DATA FOR REVIEW —

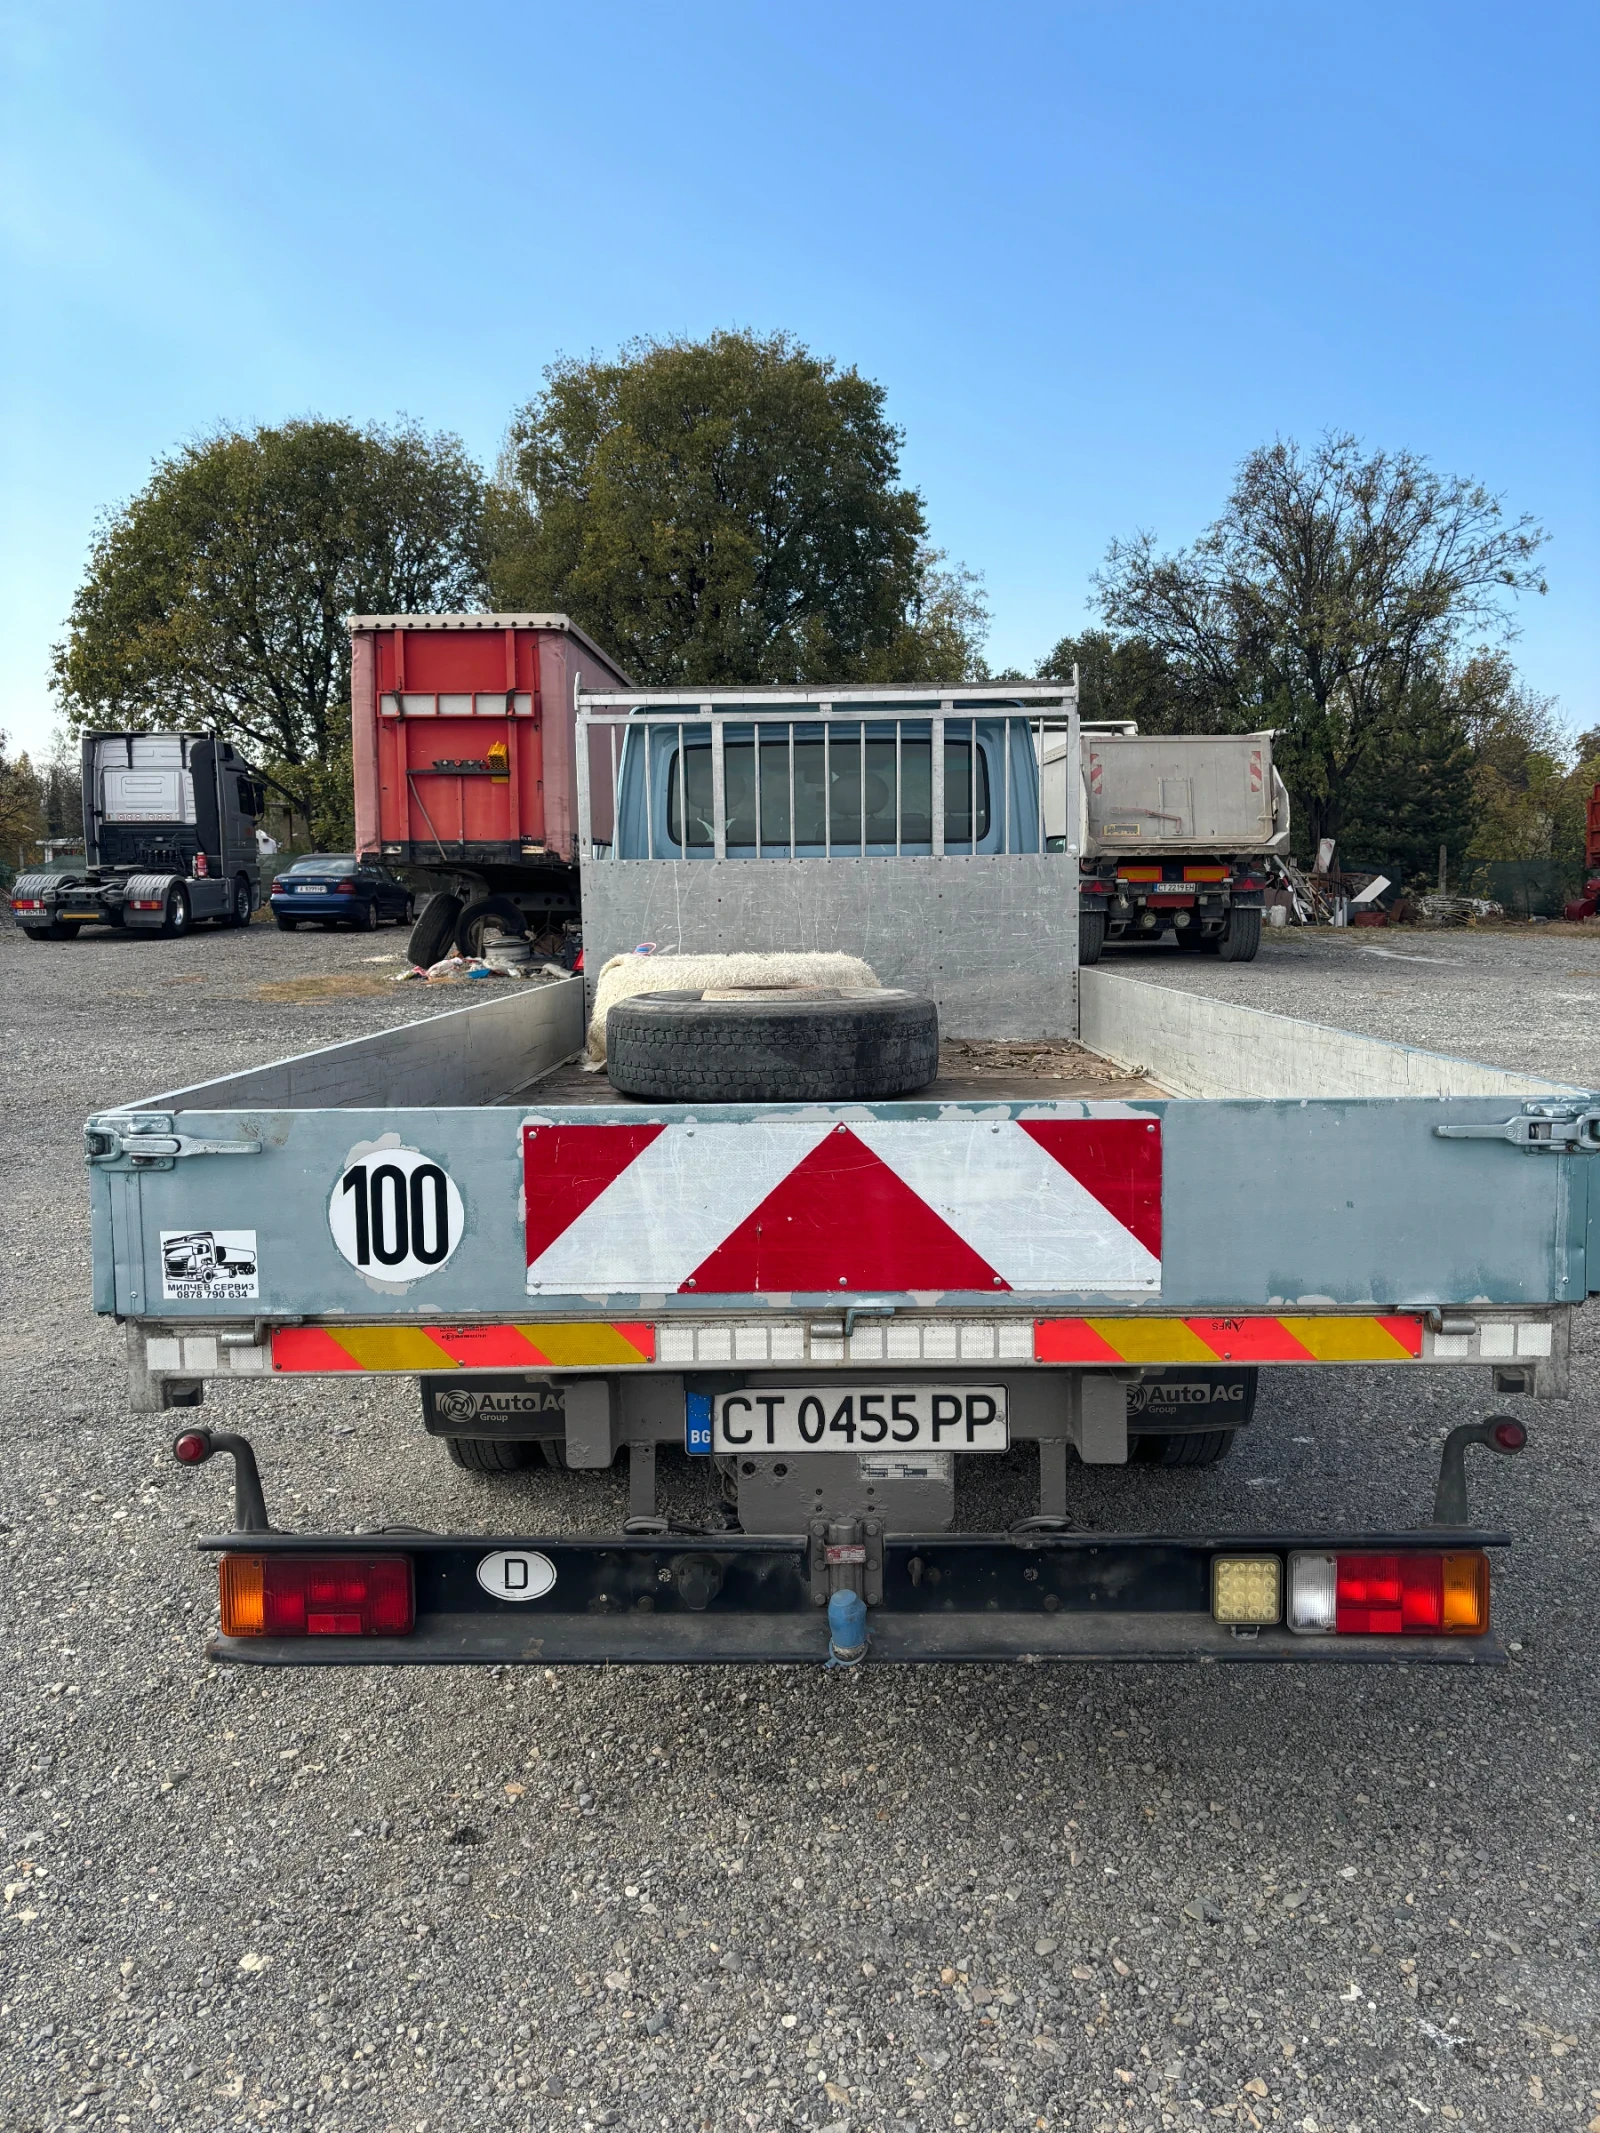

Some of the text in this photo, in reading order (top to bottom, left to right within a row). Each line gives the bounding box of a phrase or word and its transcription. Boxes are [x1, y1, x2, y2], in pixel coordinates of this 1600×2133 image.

[342, 1164, 449, 1265] 100
[176, 1290, 248, 1298] 0878 790 634
[213, 1283, 255, 1291] СЕРВИЗ
[1147, 1384, 1244, 1403] Auto AG
[480, 1394, 536, 1411] Auto
[1148, 1405, 1177, 1414] Group
[480, 1413, 508, 1422] Group
[722, 1394, 997, 1444] CT 0455 PP
[691, 1429, 711, 1444] BG
[505, 1558, 528, 1589] D

WORK REQUEST — Output all of the records exactly as they appear above, but not the pictures.

EXERCISE OUTPUT —
Some of the text in this photo, in reading order (top to bottom, left to right within a row). Each line gives the bounding box of a phrase or word and its transcription. Boxes are [x1, y1, x2, y2], in pixel coordinates of this 1600×2133 image.

[342, 1164, 449, 1265] 100
[176, 1290, 248, 1298] 0878 790 634
[213, 1283, 255, 1291] СЕРВИЗ
[1147, 1384, 1244, 1403] Auto AG
[480, 1394, 536, 1411] Auto
[1148, 1405, 1177, 1414] Group
[480, 1413, 508, 1422] Group
[722, 1394, 997, 1444] CT 0455 PP
[691, 1429, 711, 1444] BG
[505, 1558, 528, 1589] D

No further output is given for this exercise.